• **SOURCE INFORMATION**:
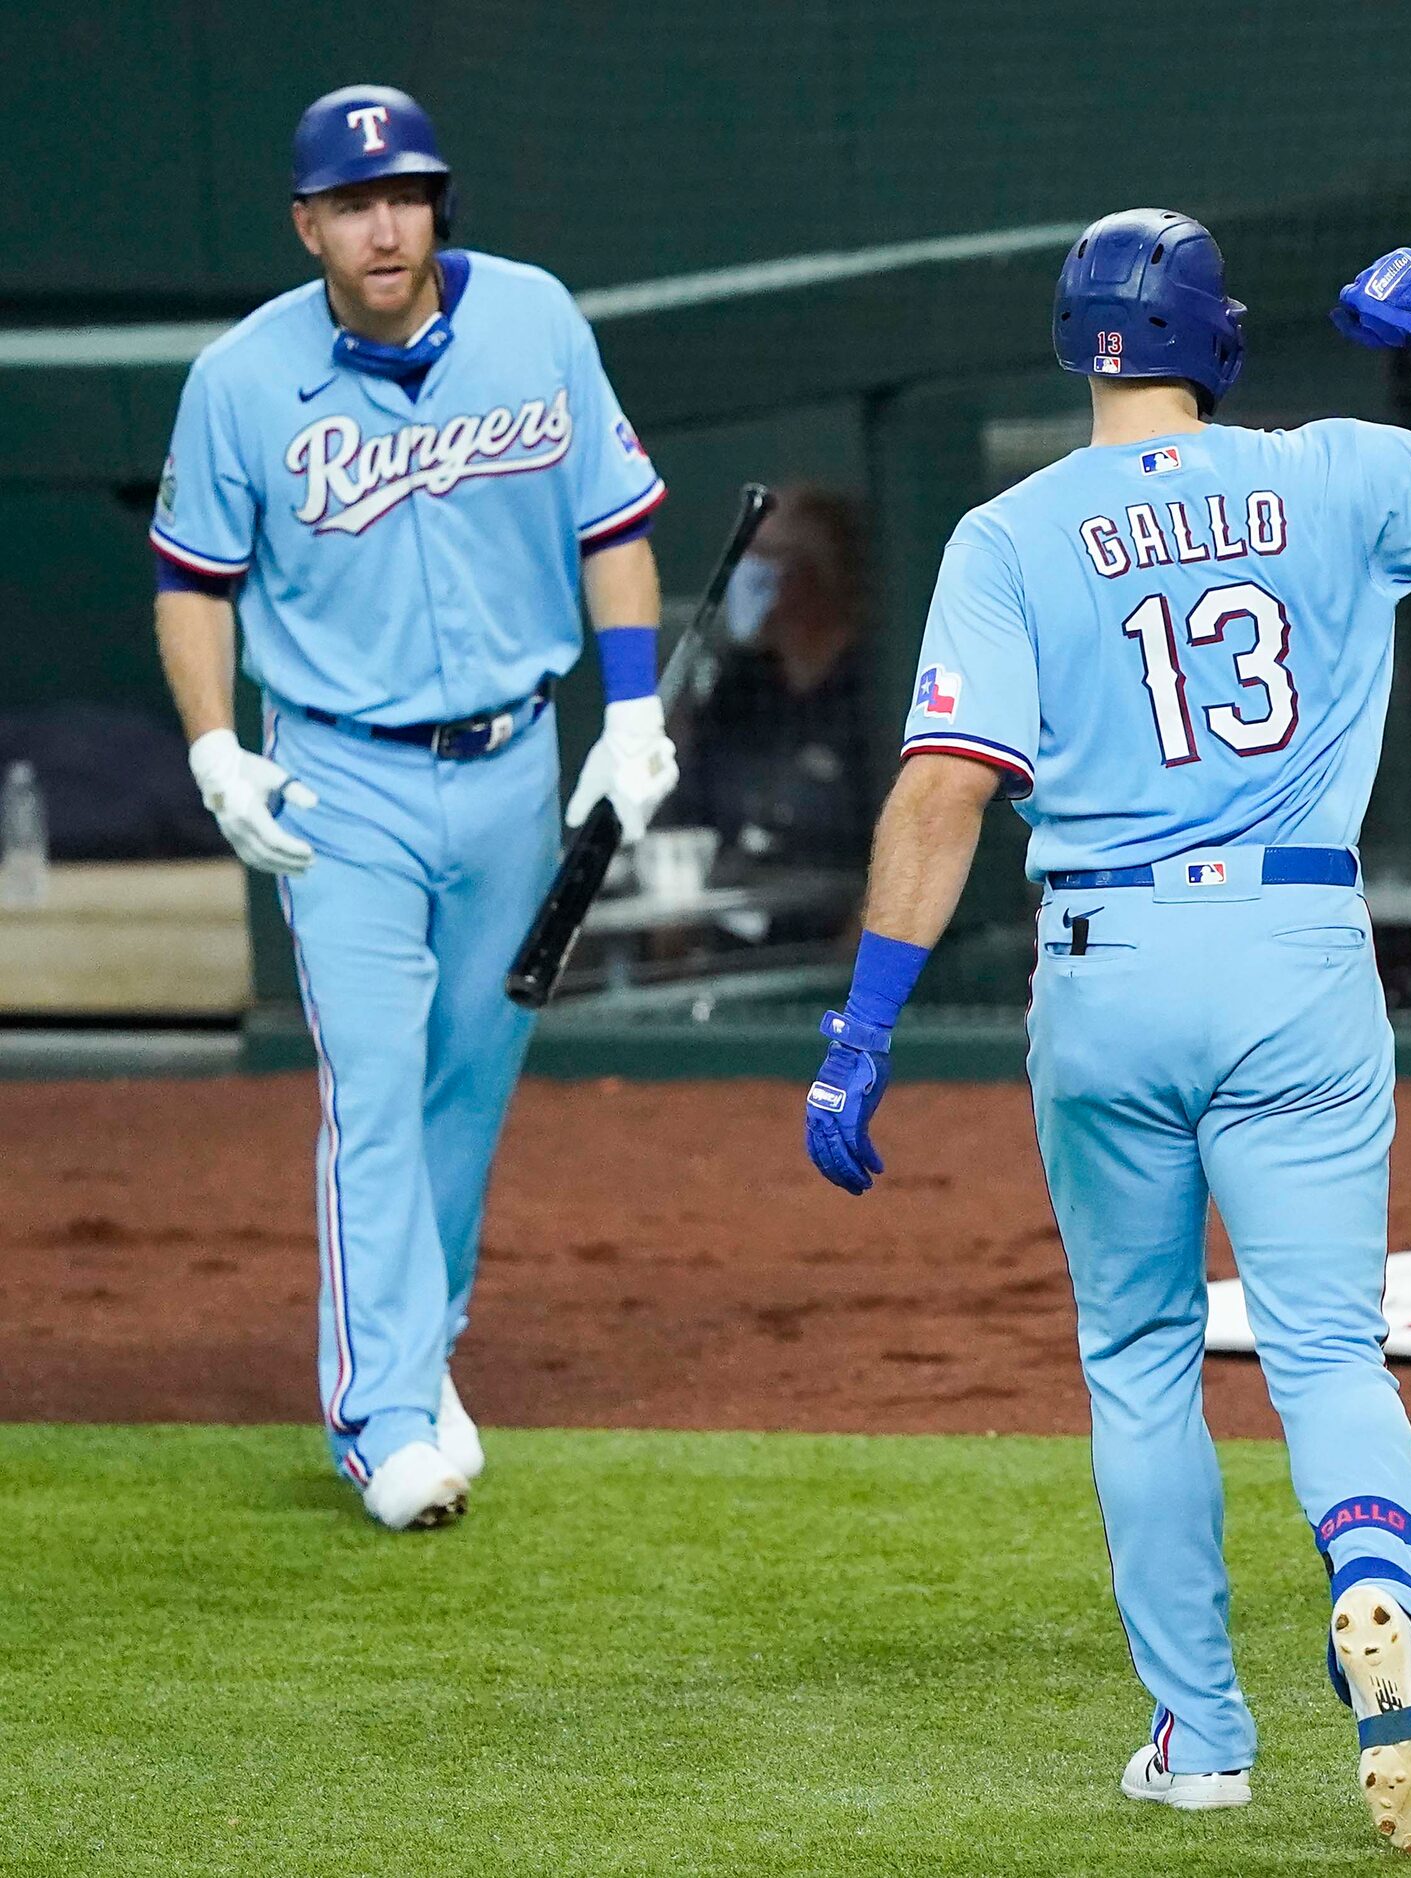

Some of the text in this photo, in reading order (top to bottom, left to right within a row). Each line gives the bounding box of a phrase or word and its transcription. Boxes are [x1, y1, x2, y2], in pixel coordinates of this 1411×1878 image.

[346, 106, 390, 156] T
[1097, 331, 1123, 355] 13
[284, 387, 573, 536] Rangers
[1079, 490, 1287, 579] GALLO
[1121, 580, 1299, 768] 13
[1320, 1503, 1406, 1541] GALLO

• **ACTIVITY**: If any entry holds a picture, drop the picture and copy everything else exactly.

• **OUTPUT FOR THIS TASK**:
Some of the text in this photo, in reading order (top to bottom, left to right within a row). Each line gives the bounding box of a phrase or word and its transcription. Boxes are [x1, y1, x2, y2], in pixel coordinates of this 1411×1878 image.

[346, 106, 390, 156] T
[1097, 331, 1123, 355] 13
[284, 387, 573, 536] Rangers
[1079, 490, 1287, 579] GALLO
[1121, 580, 1299, 768] 13
[1320, 1503, 1406, 1541] GALLO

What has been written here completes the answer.